Material for the task>

========================================

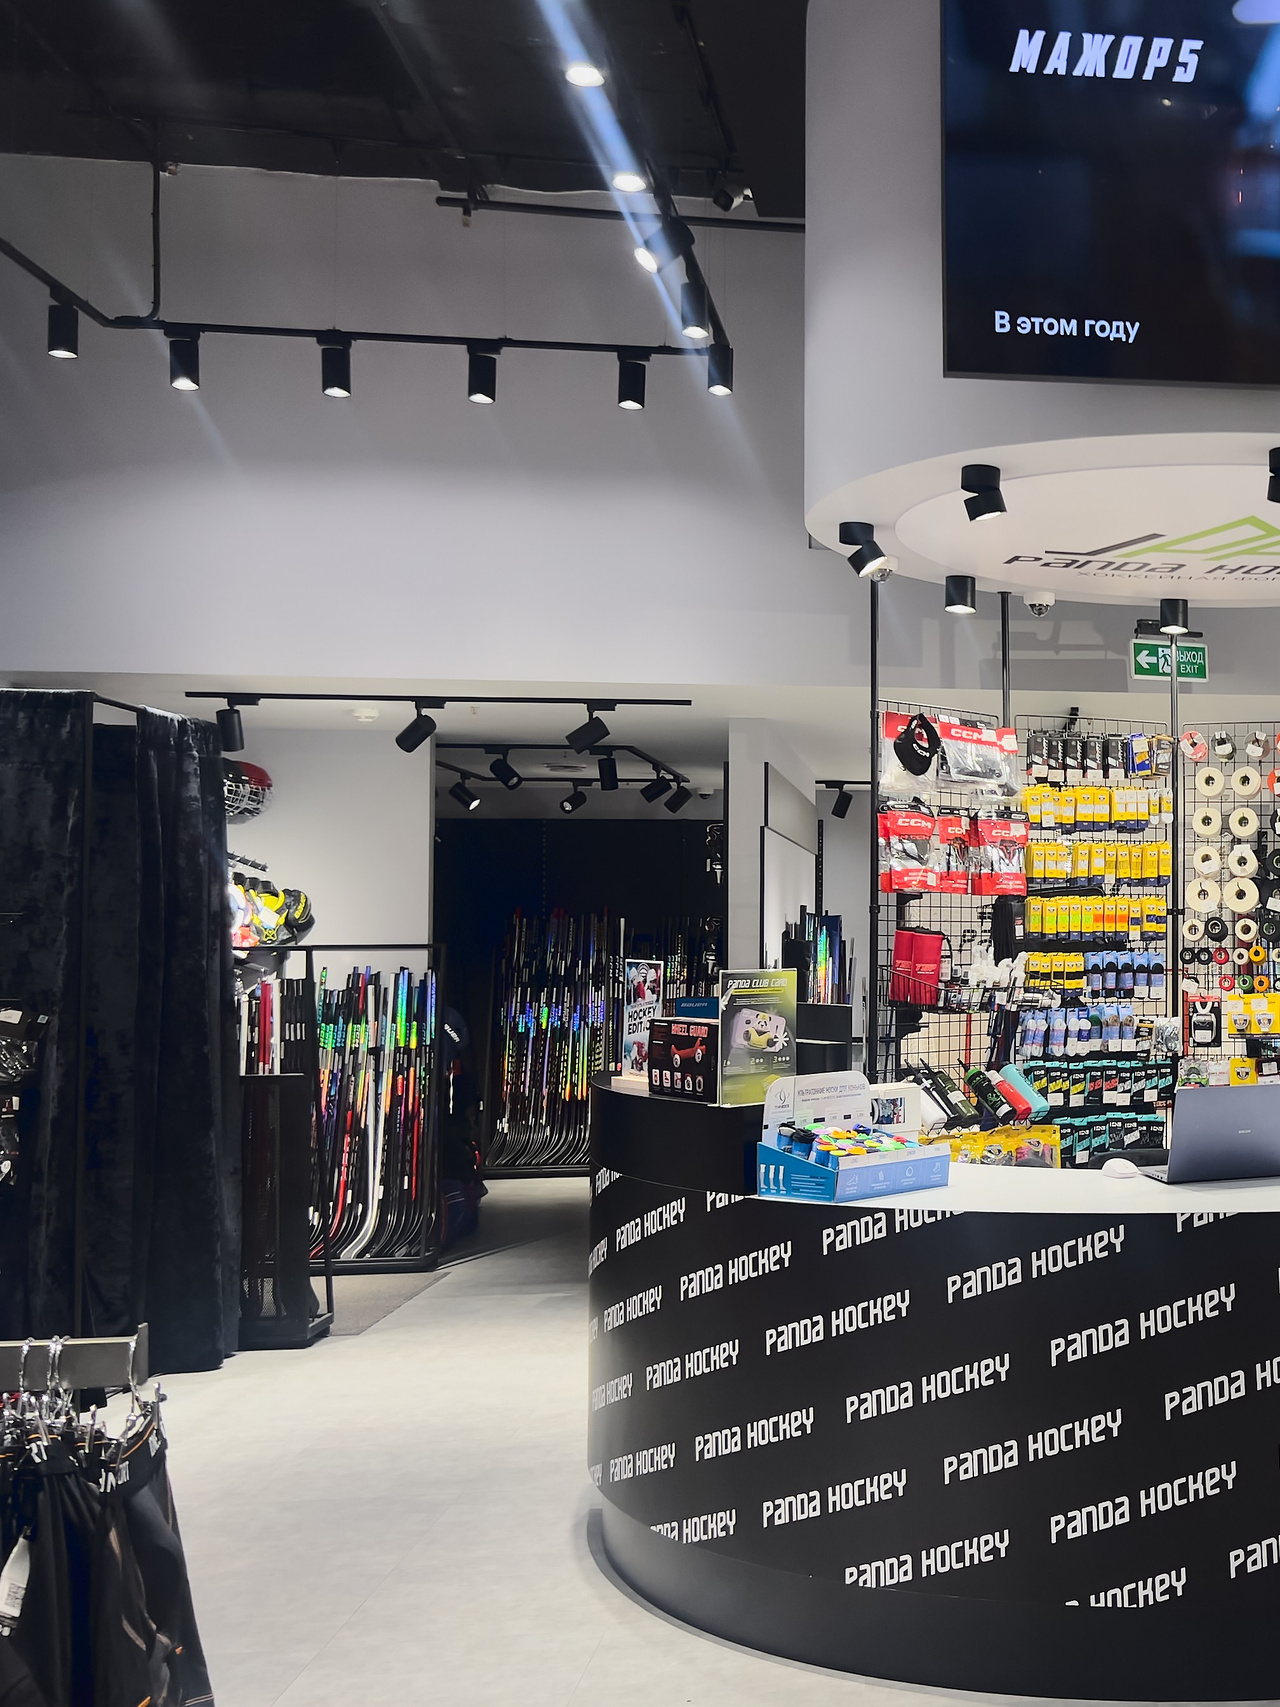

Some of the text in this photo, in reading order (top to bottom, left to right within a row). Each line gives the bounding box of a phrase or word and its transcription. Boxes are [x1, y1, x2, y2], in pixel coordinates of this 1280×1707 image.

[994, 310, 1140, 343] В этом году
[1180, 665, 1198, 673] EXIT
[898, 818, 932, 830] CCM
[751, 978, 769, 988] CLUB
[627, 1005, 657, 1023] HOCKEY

========================================

Instructions for the task> Skipping all images, print the data above a second time exactly.

Written answer>
Some of the text in this photo, in reading order (top to bottom, left to right within a row). Each line gives the bounding box of a phrase or word and its transcription. Boxes are [x1, y1, x2, y2], in pixel coordinates of this 1280×1707 image.

[994, 310, 1140, 343] В этом году
[1180, 665, 1198, 673] EXIT
[898, 818, 932, 830] CCM
[751, 978, 769, 988] CLUB
[627, 1005, 657, 1023] HOCKEY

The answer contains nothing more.